I hadn't thought there was a movie worth watching in megaplex land, but there is one: "12 Years a Slave". The film opened yesterday and traces the improbable, entirely believable story of a free black man living in Saratoga, New York -- prosperous and well-liked in his community long before the Civil War. In 1841, Solomon Northrup was kidnapped and sold into slavery through a choice to make some additional money while his wife was away on a cooking job. Without a trace Northrup vanishes from a life of comfort and happiness and is hauled into the world of slavers, slavery, and the cruelty of plantation life in the deep South.

Northrup survives and lives, thanks to the kindness of one stranger who writes -- 12 years after his disappearance -- to a friend in Saratoga. The friend arrives by coach in the depths of bayou country and literally plucks Northrup from despair, while leaving his comrades in the pit of slavery. As the horse driven coach pulls away, we pull away too.

In the coda, the director -- Steve McQueen -- notes for the audience that this story, based on a book by Northrup written after his escape, is one of the few documenting African Americans kidnapped from the north and sold to plantation owners in the south; a thriving human traffic leading up to the Civil War. The film does not rest in the broad visuals in the mass exportation of free men and women from Africa, but in the bottom feeders of economic growth that needed engines of slave labor to create wealth from cotton farms, supplying raw materials for the looms of New England.

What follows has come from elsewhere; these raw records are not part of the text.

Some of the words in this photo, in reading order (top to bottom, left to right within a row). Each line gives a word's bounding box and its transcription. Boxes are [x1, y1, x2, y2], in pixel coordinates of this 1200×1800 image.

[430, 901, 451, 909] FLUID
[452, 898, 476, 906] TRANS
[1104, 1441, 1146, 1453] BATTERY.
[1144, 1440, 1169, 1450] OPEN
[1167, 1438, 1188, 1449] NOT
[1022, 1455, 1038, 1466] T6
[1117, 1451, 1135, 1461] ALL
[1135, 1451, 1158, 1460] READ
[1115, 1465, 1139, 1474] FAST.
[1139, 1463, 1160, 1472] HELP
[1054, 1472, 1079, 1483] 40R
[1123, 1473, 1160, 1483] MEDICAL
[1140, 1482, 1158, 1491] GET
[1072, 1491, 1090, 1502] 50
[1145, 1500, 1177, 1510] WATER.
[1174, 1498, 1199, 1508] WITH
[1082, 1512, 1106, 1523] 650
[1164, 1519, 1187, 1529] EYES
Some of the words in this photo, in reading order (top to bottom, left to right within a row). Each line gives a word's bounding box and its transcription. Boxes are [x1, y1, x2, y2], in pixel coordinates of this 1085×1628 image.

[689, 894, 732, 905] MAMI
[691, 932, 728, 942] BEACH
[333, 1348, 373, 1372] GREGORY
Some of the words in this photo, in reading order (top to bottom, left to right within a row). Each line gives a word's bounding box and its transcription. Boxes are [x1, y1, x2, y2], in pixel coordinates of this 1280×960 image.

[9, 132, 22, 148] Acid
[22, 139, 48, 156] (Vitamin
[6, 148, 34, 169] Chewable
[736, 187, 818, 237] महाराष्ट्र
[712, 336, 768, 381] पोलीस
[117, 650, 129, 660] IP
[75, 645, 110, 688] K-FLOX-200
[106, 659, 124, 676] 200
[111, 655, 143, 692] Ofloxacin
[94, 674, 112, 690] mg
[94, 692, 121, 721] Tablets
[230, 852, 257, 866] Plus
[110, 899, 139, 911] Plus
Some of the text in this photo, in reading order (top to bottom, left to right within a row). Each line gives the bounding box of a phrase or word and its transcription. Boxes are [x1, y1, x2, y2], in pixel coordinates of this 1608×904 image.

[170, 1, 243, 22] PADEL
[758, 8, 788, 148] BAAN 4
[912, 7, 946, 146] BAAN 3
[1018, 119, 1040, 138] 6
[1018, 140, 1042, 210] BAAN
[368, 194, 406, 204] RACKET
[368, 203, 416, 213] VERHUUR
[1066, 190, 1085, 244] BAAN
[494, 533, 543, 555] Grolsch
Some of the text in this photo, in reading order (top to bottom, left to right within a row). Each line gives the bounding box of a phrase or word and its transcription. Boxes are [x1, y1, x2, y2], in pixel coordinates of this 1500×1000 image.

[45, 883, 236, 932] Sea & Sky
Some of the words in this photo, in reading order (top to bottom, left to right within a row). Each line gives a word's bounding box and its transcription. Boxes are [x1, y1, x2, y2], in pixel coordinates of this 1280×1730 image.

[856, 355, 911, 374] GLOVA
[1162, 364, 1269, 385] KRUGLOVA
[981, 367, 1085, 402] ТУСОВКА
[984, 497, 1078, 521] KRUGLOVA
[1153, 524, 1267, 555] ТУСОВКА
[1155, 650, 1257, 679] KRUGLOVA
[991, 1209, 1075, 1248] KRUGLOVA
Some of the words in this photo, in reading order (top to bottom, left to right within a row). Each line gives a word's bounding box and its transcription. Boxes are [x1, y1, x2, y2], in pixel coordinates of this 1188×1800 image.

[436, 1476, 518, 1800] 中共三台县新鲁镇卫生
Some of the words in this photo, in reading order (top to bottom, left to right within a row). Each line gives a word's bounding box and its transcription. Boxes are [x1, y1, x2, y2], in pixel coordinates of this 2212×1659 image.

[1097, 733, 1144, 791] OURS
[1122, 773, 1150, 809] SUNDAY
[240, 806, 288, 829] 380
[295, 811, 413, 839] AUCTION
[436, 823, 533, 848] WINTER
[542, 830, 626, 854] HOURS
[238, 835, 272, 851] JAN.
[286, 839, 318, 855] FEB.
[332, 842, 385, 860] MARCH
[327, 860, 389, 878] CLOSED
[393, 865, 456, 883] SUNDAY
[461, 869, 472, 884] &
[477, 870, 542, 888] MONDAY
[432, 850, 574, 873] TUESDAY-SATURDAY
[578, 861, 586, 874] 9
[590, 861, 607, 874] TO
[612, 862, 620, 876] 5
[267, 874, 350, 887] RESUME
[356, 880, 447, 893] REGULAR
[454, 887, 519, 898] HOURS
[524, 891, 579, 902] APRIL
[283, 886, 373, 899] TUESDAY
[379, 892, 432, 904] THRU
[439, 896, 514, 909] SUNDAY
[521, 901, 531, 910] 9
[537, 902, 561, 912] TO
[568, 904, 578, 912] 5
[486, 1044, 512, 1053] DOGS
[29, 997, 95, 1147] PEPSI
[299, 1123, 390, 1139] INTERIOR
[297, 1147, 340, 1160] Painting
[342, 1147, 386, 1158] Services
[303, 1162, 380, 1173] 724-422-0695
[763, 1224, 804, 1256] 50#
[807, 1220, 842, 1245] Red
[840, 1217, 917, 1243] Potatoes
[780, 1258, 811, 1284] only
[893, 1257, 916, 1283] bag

The achievement of this film is remarkable. Although the film is two and a half hours long, its director captures in terse simplicity characters who succumbed to slavery and its evils that hang like inescapable heat over the bayou. There is scarcely a moment of the film that the characters are not sweating or crying the excretions of slavery. McQueen, through characters carefully drawn by writer John Ridley, shows the extent to which men and women are not only capable of the worst cruelties to others but of institutionalizing cruelty so it becomes a normative value. Director McQueen does this by extending excruciating compassion cutting back and forth between worlds at once terrifying in abject horror and the easy grace of wealth and masks that money affords. There are lessons, here, for the present too.

Like Shoah, the length of the film imparts anxiety: Americans cannot escape the legacy of slavery any more than Germans, the Holocaust, or modern examples of genocide. "12 Years of Slavery" is not only worth the price of admission, it would do well for Americans to watch the film and consider the debts of history -- particularly as applies to African Americans trapped in generational poverty -- to consider how, nearly one hundred seventy years later, indescribable suffering ripples from evil that was, in fundamental aspects, the foundation of the United States.


Ira said...

Sorry to hear about your white guilt. Neither I nor any living American has owned a slave. Meanwhile slavery continues to thrive in Africa.

Anonymous said...

Ira, no empathy huh? None of us have put a Jewish person in a death camp either.

Anonymous said...

Films like these only serve to relive and prolong the the pain. Every generation, every culture, every part of the world has its cruelty story. The Spaniards conquering the indians in Mexico and all over the Caribbean; the whites killing and burning native american indians; Christians burning witches, etc. I don't see what good can come out of films like these, except to add salt to the wounds.

Geniusofdespair said...

Because we should NEVER FORGET.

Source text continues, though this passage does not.